= Beginning of Section =

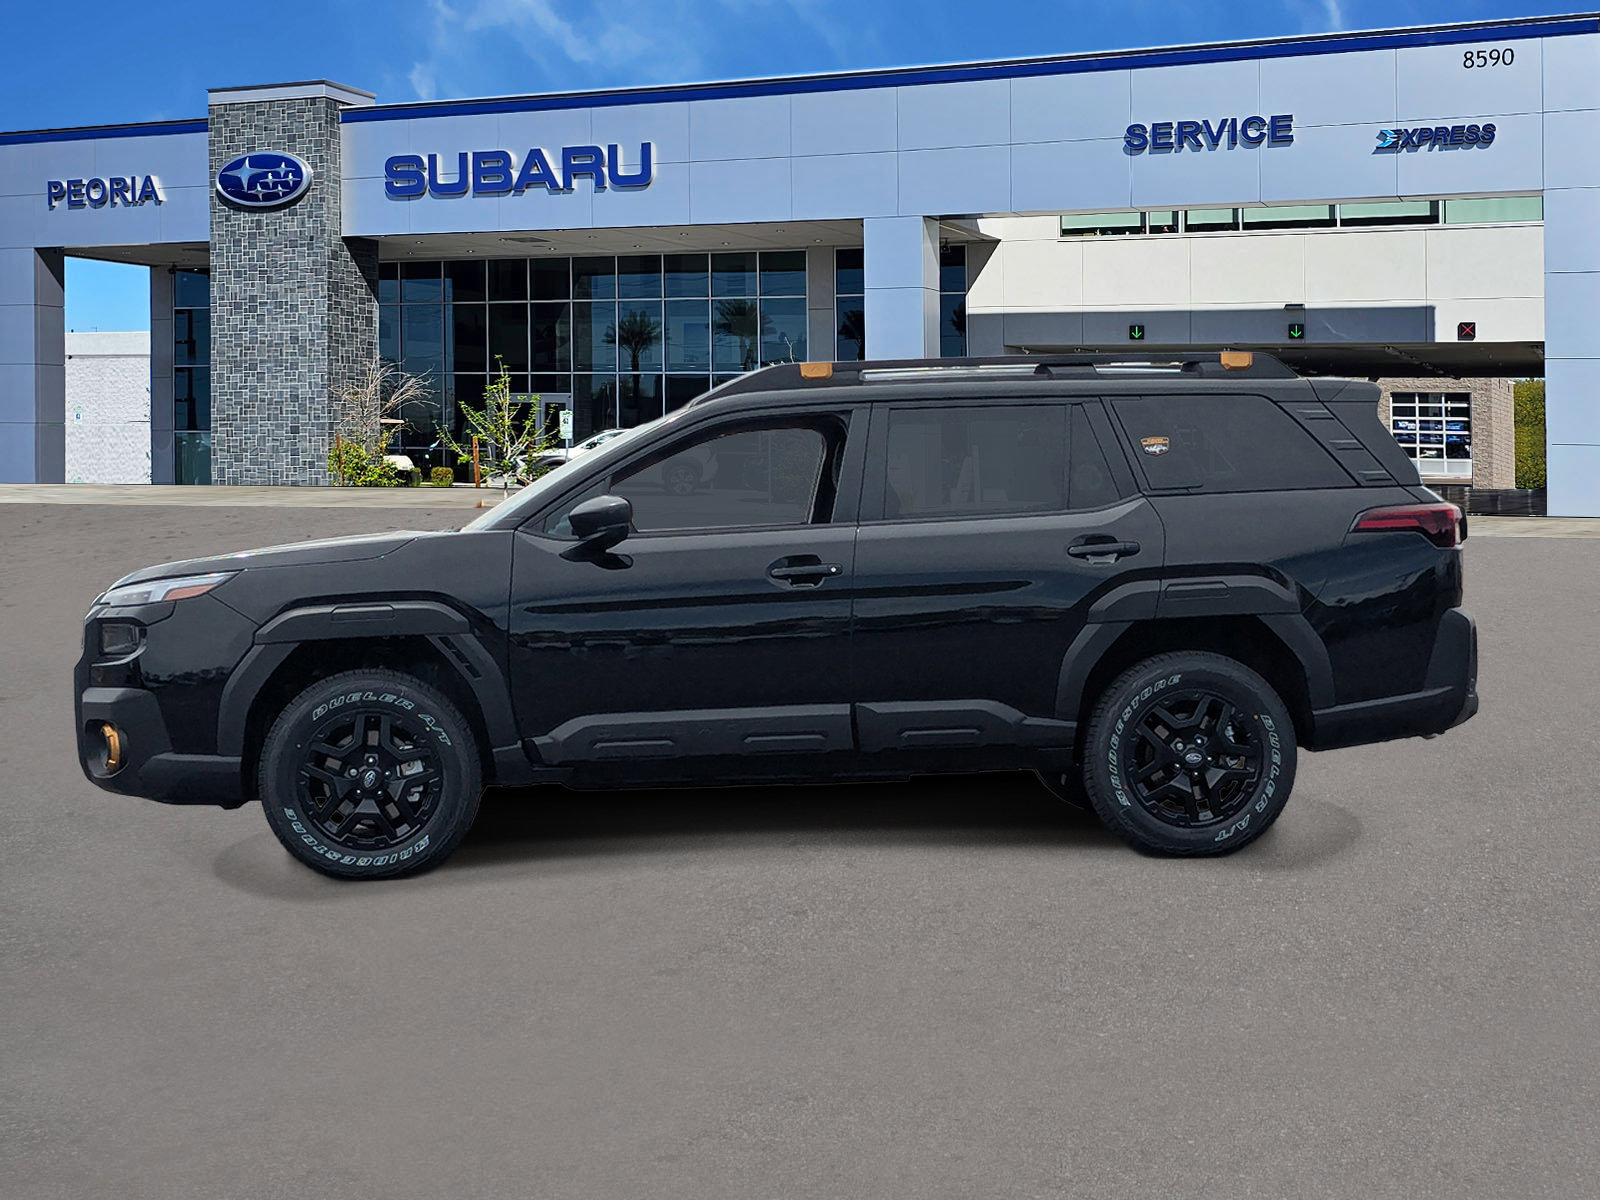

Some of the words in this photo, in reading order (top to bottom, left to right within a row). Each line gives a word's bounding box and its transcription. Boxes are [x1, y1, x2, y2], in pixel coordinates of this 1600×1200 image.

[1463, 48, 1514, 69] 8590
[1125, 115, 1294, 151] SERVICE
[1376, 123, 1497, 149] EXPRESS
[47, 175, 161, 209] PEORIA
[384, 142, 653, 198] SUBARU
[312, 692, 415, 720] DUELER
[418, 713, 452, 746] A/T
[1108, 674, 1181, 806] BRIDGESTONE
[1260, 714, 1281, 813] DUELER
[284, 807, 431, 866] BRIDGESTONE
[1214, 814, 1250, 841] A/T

= End of Section =

Problem requirements: Every line above should be transcribed exactly, though no image should be carried over.

Solution to this exercise:
Some of the words in this photo, in reading order (top to bottom, left to right within a row). Each line gives a word's bounding box and its transcription. Boxes are [x1, y1, x2, y2], in pixel coordinates of this 1600×1200 image.

[1463, 48, 1514, 69] 8590
[1125, 115, 1294, 151] SERVICE
[1376, 123, 1497, 149] EXPRESS
[47, 175, 161, 209] PEORIA
[384, 142, 653, 198] SUBARU
[312, 692, 415, 720] DUELER
[418, 713, 452, 746] A/T
[1108, 674, 1181, 806] BRIDGESTONE
[1260, 714, 1281, 813] DUELER
[284, 807, 431, 866] BRIDGESTONE
[1214, 814, 1250, 841] A/T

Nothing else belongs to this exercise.